YOUR GOAL |
Every line below needs to be printed again exactly, without any of its pictures.

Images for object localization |
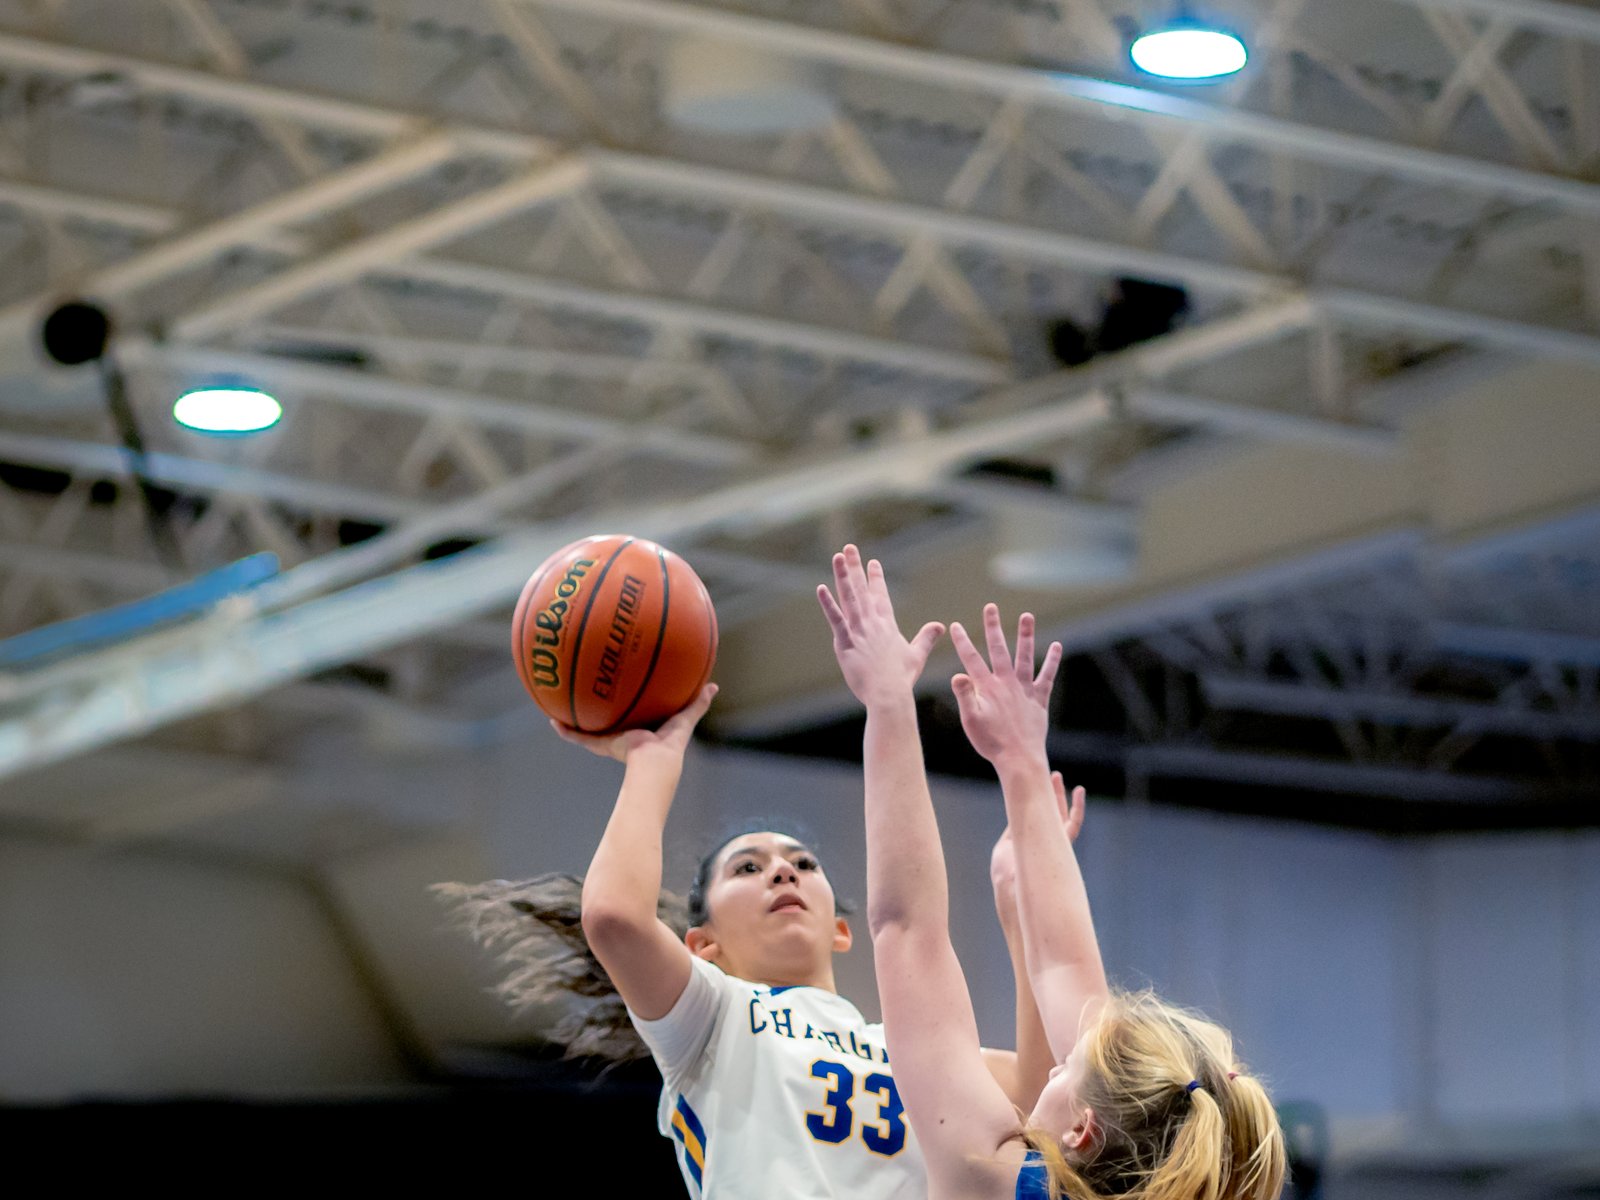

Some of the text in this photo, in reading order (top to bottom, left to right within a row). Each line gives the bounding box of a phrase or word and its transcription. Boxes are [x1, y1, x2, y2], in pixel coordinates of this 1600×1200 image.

[532, 558, 597, 689] Wilson
[592, 574, 641, 700] EVOLUTION
[750, 998, 890, 1063] CHARG
[804, 1059, 907, 1159] 33

TASK OUTPUT |
Some of the text in this photo, in reading order (top to bottom, left to right within a row). Each line gives the bounding box of a phrase or word and its transcription. Boxes are [x1, y1, x2, y2], in pixel coordinates of this 1600×1200 image.

[532, 558, 597, 689] Wilson
[592, 574, 641, 700] EVOLUTION
[750, 998, 890, 1063] CHARG
[804, 1059, 907, 1159] 33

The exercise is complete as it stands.